- **Referring expression grounding data**:
_ _ _ _ _
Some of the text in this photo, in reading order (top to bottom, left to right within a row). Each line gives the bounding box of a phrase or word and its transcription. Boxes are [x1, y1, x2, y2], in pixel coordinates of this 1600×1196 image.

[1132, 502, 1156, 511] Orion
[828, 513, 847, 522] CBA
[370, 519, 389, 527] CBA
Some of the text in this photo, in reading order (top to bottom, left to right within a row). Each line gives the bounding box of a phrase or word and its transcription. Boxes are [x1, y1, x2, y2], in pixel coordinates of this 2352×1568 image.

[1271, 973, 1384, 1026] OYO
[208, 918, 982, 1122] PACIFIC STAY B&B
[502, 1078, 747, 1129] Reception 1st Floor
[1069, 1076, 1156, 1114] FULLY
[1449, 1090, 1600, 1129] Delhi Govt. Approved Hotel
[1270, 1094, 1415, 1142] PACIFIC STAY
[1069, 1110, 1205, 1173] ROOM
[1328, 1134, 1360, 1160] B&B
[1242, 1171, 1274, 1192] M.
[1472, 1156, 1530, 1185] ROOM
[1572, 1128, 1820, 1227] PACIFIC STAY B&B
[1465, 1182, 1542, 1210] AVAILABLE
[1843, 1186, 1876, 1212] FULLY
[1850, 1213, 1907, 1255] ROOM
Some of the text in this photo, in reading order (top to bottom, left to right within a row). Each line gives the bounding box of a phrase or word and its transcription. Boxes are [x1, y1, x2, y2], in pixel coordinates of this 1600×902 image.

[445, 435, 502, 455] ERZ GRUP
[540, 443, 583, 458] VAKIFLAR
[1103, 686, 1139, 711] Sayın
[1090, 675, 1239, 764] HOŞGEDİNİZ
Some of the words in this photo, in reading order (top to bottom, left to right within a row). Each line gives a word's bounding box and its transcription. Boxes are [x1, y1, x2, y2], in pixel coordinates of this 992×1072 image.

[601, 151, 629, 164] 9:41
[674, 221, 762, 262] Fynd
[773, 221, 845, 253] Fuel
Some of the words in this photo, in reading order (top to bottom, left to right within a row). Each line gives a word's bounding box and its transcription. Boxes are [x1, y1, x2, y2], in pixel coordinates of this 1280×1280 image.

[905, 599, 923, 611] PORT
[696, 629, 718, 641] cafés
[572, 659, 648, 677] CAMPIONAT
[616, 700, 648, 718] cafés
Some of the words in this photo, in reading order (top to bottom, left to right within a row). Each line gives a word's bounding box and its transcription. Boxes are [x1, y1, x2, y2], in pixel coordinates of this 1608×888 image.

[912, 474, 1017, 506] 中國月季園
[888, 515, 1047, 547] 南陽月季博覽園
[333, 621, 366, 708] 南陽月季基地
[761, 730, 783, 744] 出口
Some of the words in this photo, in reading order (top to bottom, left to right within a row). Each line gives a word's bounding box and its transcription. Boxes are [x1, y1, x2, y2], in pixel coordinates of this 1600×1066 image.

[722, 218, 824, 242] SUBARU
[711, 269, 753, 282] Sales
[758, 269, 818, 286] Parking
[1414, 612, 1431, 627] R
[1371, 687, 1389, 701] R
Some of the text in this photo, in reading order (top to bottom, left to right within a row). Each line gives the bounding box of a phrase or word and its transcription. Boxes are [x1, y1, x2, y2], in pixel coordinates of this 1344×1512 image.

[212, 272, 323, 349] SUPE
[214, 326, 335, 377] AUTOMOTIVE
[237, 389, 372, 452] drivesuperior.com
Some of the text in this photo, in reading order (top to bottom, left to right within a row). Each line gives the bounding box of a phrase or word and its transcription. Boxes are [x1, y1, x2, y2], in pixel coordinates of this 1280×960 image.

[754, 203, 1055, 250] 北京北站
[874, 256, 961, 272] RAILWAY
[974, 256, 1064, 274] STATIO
_ _ _ _ _
- **Task objective**: Nothing but the lines from the one holding "this 1280×960 image." to the end of the entries should be returned, each exactly as it stands.

- **Answer to the problem**:
Some of the text in this photo, in reading order (top to bottom, left to right within a row). Each line gives the bounding box of a phrase or word and its transcription. Boxes are [x1, y1, x2, y2], in pixel coordinates of this 1280×960 image.

[754, 203, 1055, 250] 北京北站
[874, 256, 961, 272] RAILWAY
[974, 256, 1064, 274] STATIO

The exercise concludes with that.